Auch Michi und ich gehörten an diesem Tag zum Strom ins Ya gespülter Leute. Wie immer hatten wir gegen Abend im Kaffeehaus beschlossen, dass es wohl mit dem Studieren heute nichts mehr werden würde. Das Ritual sah dann vor Öltauben schießen zu gehen, denn wir hatten meistens wenig Geld. Wie das Öltaubenschießen funktioniert hat mir meine Mutter beigebracht, es geht ganz einfach: Man gibt sich als leicht verstrittenes, vom Gegenüber gelangweiltes Paar. Der weibliche Teil des Paares signalisiert einem älteren, alleinstehenden solventen Herren, scheinbar heimliche erotische Signale, der männliche Part spielt den Langeweiler und tut so, als ob er von alldem nichts mitbekommen würde.

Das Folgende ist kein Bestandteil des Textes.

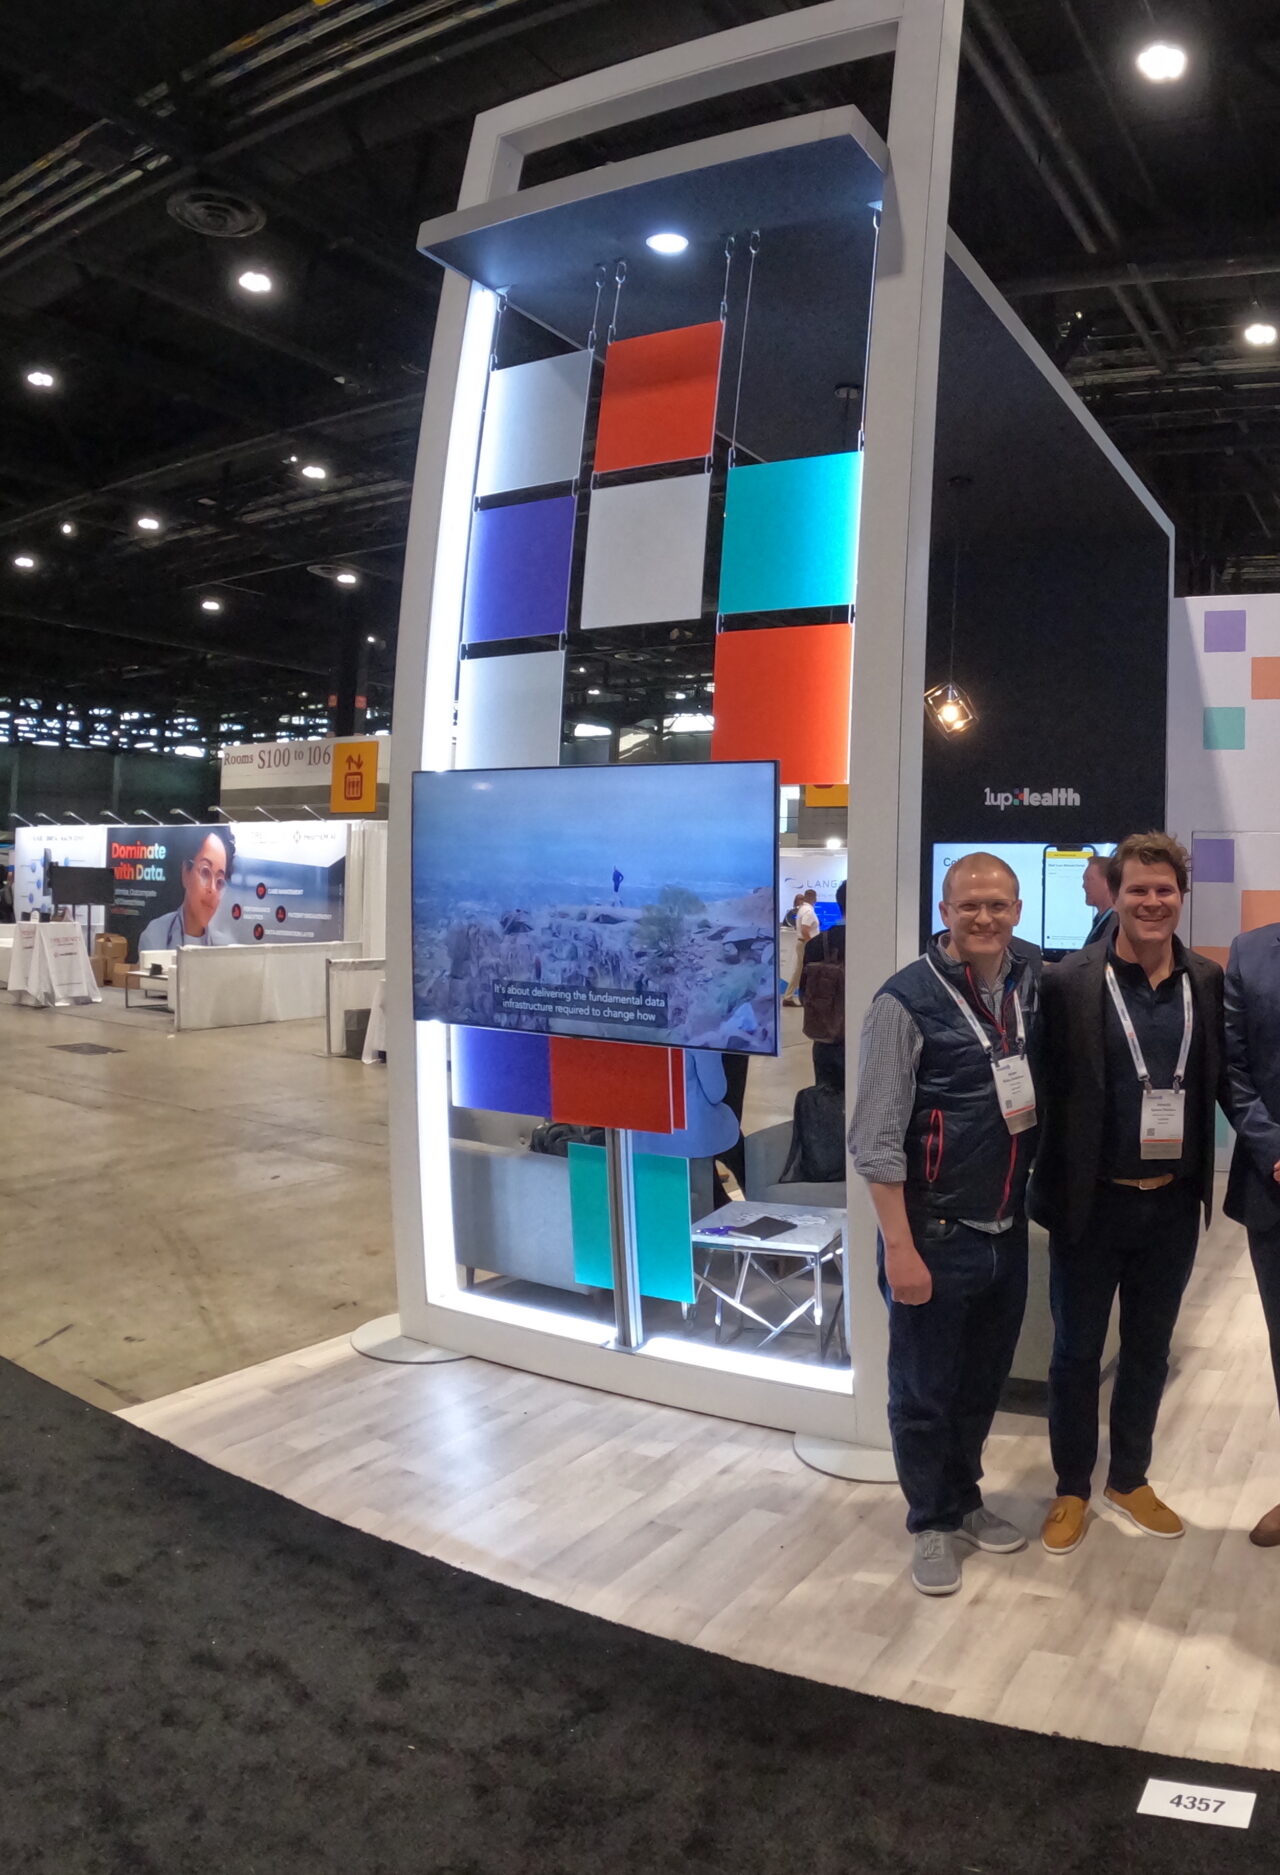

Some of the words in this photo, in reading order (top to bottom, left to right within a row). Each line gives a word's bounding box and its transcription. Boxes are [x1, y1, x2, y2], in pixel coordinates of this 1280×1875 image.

Wer mich kennt weiß, dass ich mit dem männlichen Part keinerlei Probleme habe, und Michi spielte ihre Rolle perfekt. Wir waren ins Panigl gespült worden, ich hatte zunächst Bedenken, denn seitdem ich einmal im Vollsuff den Toilettensitz auf dem Herrenklo mit meinem Schädel gespalten habe, hatte ich dort Hausverbot. Doch die Salonkommunistin meinte das Panigl sei der ideale Ort um Öltauben zu schießen, denn es mangele nicht an älteren, solventen Geiferern, und sie hatte wie immer recht. In kürzester Zeit hatte sie sich ein Opfer ausgespäht, der uns beiden nicht nur Wein, sondern auch einen Käseteller spendierte. Diese Methode ist todsicher und funktioniert immer, denn sie zielt auf die Urinstinkte aller Männer, der Jagd nach Trophäen und den Triumph über den Konkurrenten. Ich schaute gelangweilt in die Weinkarte, und die Öltaube in den Ausschnitt Michis, sie hat einen tollen Ausschnitt, dort sagen sich Sommersprossen und Schweißperlen guten Tag, ihr Busen kann vor geheuchelter Begeisterung beben. Die Öltaube fühlt sich wie ein Ölscheich und gibt gleich noch ein Flascherl aus, er suhlt sich im Lichte eigener Brillianz, mit höflicher Verachtung für den Trottel, der solch Weibstück nicht halten kann.
Michi liebt dieses Spiel mit sadistischen Vergnügen, sie hatte die Öltaube so weit, uns ins Ya gegenüber einzuladen. Ich war schon ziemlich hinüber, und ließ mich in einen Sessel fallen und genoss das wilde Treiben wie in Trance, die Öltaube hatte Champagner bestellt, das Lokal wurde immer voller, es war ein wildes Geschrei, lauter enthemmte Menschen in guter Kleidung in dieser Edel-Bar, es gab kaum noch Platz, elegante Damen in Abendgarderobe feierten schon in den Toiletten.
So gegen halb siebenUhr früh ging die Tür auf und ein kleiner Mann mit grauem, schütteren Haar in einem Trainingsanzug schob ein Fahrrad hinein. Es war ein ganz normales Herrenrad, auf dem Gepäckträger war eine Plastiktüte mit einem Gummistraps befestigt. Der Mann grüßte den Besitzer, dem traurigen Wirt huschte für kurze Zeit ein Lächeln übers Gesicht, dann stellte der Mann sein Fahrrad auf dem Marmorboden vor den Toiletten ab, löste den Gummistraps und nahm die Plastiktüte vom Gepäckträger und sagte, freundlich lächelnd, ganz beiläufig, 'man muss aufpassen, es wird einem ja heutzutage so viel geklaut.'
Der Mann war Pepi Taschner, der König der Taschendiebe, ich wusste nicht wer er war, aber Michi hat es mir erklärt.